--- The problem ---
Write the entries below out again in full. Match every character.

--- Data ---
##########

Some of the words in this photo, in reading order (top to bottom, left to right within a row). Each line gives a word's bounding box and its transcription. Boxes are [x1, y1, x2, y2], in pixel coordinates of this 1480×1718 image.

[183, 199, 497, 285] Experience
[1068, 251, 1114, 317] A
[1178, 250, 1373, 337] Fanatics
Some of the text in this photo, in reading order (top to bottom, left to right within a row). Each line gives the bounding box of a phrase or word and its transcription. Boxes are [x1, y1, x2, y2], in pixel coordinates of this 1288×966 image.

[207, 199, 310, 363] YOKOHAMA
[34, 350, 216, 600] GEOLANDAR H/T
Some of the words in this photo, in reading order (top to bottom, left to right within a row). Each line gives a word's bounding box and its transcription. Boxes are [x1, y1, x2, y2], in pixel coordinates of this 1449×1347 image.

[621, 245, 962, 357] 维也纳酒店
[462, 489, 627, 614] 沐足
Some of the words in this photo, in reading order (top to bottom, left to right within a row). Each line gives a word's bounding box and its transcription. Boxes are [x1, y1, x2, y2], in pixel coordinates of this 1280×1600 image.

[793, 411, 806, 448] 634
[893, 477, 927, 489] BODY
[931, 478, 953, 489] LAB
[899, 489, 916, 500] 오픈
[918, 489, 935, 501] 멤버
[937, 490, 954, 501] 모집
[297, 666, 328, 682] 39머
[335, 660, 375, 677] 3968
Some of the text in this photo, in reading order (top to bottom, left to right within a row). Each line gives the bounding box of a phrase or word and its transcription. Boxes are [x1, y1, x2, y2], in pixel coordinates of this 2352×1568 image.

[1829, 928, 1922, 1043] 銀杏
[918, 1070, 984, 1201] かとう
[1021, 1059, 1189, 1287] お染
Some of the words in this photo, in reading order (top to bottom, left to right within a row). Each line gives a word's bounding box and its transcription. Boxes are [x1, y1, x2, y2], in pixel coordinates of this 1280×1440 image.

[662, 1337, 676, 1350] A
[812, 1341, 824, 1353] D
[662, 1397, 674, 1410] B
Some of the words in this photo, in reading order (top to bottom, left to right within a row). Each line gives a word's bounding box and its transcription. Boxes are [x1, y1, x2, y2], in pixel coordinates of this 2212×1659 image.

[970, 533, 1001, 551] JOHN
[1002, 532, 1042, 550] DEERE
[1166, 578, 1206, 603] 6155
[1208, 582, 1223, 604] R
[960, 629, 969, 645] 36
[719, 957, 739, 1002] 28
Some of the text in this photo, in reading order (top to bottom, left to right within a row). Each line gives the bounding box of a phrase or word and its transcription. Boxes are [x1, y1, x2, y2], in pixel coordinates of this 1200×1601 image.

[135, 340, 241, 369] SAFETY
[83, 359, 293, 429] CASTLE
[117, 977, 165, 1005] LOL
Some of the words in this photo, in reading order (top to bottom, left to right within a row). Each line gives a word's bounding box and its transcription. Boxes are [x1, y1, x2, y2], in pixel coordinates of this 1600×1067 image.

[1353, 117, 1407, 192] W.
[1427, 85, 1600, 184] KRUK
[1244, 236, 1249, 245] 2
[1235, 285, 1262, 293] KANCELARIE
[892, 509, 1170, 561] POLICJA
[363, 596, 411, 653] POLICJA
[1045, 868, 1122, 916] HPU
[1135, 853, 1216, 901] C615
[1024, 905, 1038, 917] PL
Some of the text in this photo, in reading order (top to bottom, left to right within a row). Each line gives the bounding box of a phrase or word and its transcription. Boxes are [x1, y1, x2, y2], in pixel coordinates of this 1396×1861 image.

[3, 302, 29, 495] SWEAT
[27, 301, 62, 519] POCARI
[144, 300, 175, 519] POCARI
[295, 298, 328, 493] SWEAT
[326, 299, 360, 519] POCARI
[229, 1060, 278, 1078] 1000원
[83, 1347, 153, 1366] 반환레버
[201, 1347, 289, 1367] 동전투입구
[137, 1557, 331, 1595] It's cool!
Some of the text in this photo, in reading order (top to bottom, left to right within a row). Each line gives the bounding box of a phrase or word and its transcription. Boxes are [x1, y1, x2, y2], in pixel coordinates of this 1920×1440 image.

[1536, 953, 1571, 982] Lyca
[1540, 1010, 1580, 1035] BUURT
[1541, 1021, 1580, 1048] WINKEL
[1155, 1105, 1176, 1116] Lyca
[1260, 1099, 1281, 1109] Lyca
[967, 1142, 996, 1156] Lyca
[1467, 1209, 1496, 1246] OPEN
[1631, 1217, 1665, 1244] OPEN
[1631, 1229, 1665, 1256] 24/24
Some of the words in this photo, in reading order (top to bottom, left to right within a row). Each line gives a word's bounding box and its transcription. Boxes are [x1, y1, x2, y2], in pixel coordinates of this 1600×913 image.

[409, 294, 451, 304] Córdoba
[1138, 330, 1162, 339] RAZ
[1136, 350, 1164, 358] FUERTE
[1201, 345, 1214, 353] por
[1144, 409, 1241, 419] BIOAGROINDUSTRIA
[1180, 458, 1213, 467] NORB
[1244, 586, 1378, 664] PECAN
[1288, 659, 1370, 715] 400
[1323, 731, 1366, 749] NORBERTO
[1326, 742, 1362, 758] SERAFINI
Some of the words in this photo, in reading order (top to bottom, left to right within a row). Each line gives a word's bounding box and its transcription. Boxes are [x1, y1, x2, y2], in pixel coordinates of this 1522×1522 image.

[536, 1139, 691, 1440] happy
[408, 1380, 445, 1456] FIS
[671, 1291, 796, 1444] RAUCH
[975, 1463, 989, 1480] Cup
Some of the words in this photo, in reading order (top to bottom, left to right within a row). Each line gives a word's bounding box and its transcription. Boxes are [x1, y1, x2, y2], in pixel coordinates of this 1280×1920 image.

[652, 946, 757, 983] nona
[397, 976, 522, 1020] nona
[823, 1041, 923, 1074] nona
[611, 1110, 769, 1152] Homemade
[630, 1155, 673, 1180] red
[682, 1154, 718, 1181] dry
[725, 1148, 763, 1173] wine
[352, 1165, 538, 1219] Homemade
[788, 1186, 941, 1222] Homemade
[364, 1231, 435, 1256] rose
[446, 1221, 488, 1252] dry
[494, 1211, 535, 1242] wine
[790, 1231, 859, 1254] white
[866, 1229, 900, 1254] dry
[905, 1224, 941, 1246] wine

##########

--- Written solution ---
Some of the words in this photo, in reading order (top to bottom, left to right within a row). Each line gives a word's bounding box and its transcription. Boxes are [x1, y1, x2, y2], in pixel coordinates of this 1480×1718 image.

[183, 199, 497, 285] Experience
[1068, 251, 1114, 317] A
[1178, 250, 1373, 337] Fanatics
Some of the text in this photo, in reading order (top to bottom, left to right within a row). Each line gives the bounding box of a phrase or word and its transcription. Boxes are [x1, y1, x2, y2], in pixel coordinates of this 1288×966 image.

[207, 199, 310, 363] YOKOHAMA
[34, 350, 216, 600] GEOLANDAR H/T
Some of the words in this photo, in reading order (top to bottom, left to right within a row). Each line gives a word's bounding box and its transcription. Boxes are [x1, y1, x2, y2], in pixel coordinates of this 1449×1347 image.

[621, 245, 962, 357] 维也纳酒店
[462, 489, 627, 614] 沐足
Some of the words in this photo, in reading order (top to bottom, left to right within a row). Each line gives a word's bounding box and its transcription. Boxes are [x1, y1, x2, y2], in pixel coordinates of this 1280×1600 image.

[793, 411, 806, 448] 634
[893, 477, 927, 489] BODY
[931, 478, 953, 489] LAB
[899, 489, 916, 500] 오픈
[918, 489, 935, 501] 멤버
[937, 490, 954, 501] 모집
[297, 666, 328, 682] 39머
[335, 660, 375, 677] 3968
Some of the text in this photo, in reading order (top to bottom, left to right within a row). Each line gives the bounding box of a phrase or word and its transcription. Boxes are [x1, y1, x2, y2], in pixel coordinates of this 2352×1568 image.

[1829, 928, 1922, 1043] 銀杏
[918, 1070, 984, 1201] かとう
[1021, 1059, 1189, 1287] お染
Some of the words in this photo, in reading order (top to bottom, left to right within a row). Each line gives a word's bounding box and its transcription. Boxes are [x1, y1, x2, y2], in pixel coordinates of this 1280×1440 image.

[662, 1337, 676, 1350] A
[812, 1341, 824, 1353] D
[662, 1397, 674, 1410] B
Some of the words in this photo, in reading order (top to bottom, left to right within a row). Each line gives a word's bounding box and its transcription. Boxes are [x1, y1, x2, y2], in pixel coordinates of this 2212×1659 image.

[970, 533, 1001, 551] JOHN
[1002, 532, 1042, 550] DEERE
[1166, 578, 1206, 603] 6155
[1208, 582, 1223, 604] R
[960, 629, 969, 645] 36
[719, 957, 739, 1002] 28
Some of the text in this photo, in reading order (top to bottom, left to right within a row). Each line gives the bounding box of a phrase or word and its transcription. Boxes are [x1, y1, x2, y2], in pixel coordinates of this 1200×1601 image.

[135, 340, 241, 369] SAFETY
[83, 359, 293, 429] CASTLE
[117, 977, 165, 1005] LOL
Some of the words in this photo, in reading order (top to bottom, left to right within a row). Each line gives a word's bounding box and its transcription. Boxes are [x1, y1, x2, y2], in pixel coordinates of this 1600×1067 image.

[1353, 117, 1407, 192] W.
[1427, 85, 1600, 184] KRUK
[1244, 236, 1249, 245] 2
[1235, 285, 1262, 293] KANCELARIE
[892, 509, 1170, 561] POLICJA
[363, 596, 411, 653] POLICJA
[1045, 868, 1122, 916] HPU
[1135, 853, 1216, 901] C615
[1024, 905, 1038, 917] PL
Some of the text in this photo, in reading order (top to bottom, left to right within a row). Each line gives the bounding box of a phrase or word and its transcription. Boxes are [x1, y1, x2, y2], in pixel coordinates of this 1396×1861 image.

[3, 302, 29, 495] SWEAT
[27, 301, 62, 519] POCARI
[144, 300, 175, 519] POCARI
[295, 298, 328, 493] SWEAT
[326, 299, 360, 519] POCARI
[229, 1060, 278, 1078] 1000원
[83, 1347, 153, 1366] 반환레버
[201, 1347, 289, 1367] 동전투입구
[137, 1557, 331, 1595] It's cool!
Some of the text in this photo, in reading order (top to bottom, left to right within a row). Each line gives the bounding box of a phrase or word and its transcription. Boxes are [x1, y1, x2, y2], in pixel coordinates of this 1920×1440 image.

[1536, 953, 1571, 982] Lyca
[1540, 1010, 1580, 1035] BUURT
[1541, 1021, 1580, 1048] WINKEL
[1155, 1105, 1176, 1116] Lyca
[1260, 1099, 1281, 1109] Lyca
[967, 1142, 996, 1156] Lyca
[1467, 1209, 1496, 1246] OPEN
[1631, 1217, 1665, 1244] OPEN
[1631, 1229, 1665, 1256] 24/24
Some of the words in this photo, in reading order (top to bottom, left to right within a row). Each line gives a word's bounding box and its transcription. Boxes are [x1, y1, x2, y2], in pixel coordinates of this 1600×913 image.

[409, 294, 451, 304] Córdoba
[1138, 330, 1162, 339] RAZ
[1136, 350, 1164, 358] FUERTE
[1201, 345, 1214, 353] por
[1144, 409, 1241, 419] BIOAGROINDUSTRIA
[1180, 458, 1213, 467] NORB
[1244, 586, 1378, 664] PECAN
[1288, 659, 1370, 715] 400
[1323, 731, 1366, 749] NORBERTO
[1326, 742, 1362, 758] SERAFINI
Some of the words in this photo, in reading order (top to bottom, left to right within a row). Each line gives a word's bounding box and its transcription. Boxes are [x1, y1, x2, y2], in pixel coordinates of this 1522×1522 image.

[536, 1139, 691, 1440] happy
[408, 1380, 445, 1456] FIS
[671, 1291, 796, 1444] RAUCH
[975, 1463, 989, 1480] Cup
Some of the words in this photo, in reading order (top to bottom, left to right within a row). Each line gives a word's bounding box and its transcription. Boxes are [x1, y1, x2, y2], in pixel coordinates of this 1280×1920 image.

[652, 946, 757, 983] nona
[397, 976, 522, 1020] nona
[823, 1041, 923, 1074] nona
[611, 1110, 769, 1152] Homemade
[630, 1155, 673, 1180] red
[682, 1154, 718, 1181] dry
[725, 1148, 763, 1173] wine
[352, 1165, 538, 1219] Homemade
[788, 1186, 941, 1222] Homemade
[364, 1231, 435, 1256] rose
[446, 1221, 488, 1252] dry
[494, 1211, 535, 1242] wine
[790, 1231, 859, 1254] white
[866, 1229, 900, 1254] dry
[905, 1224, 941, 1246] wine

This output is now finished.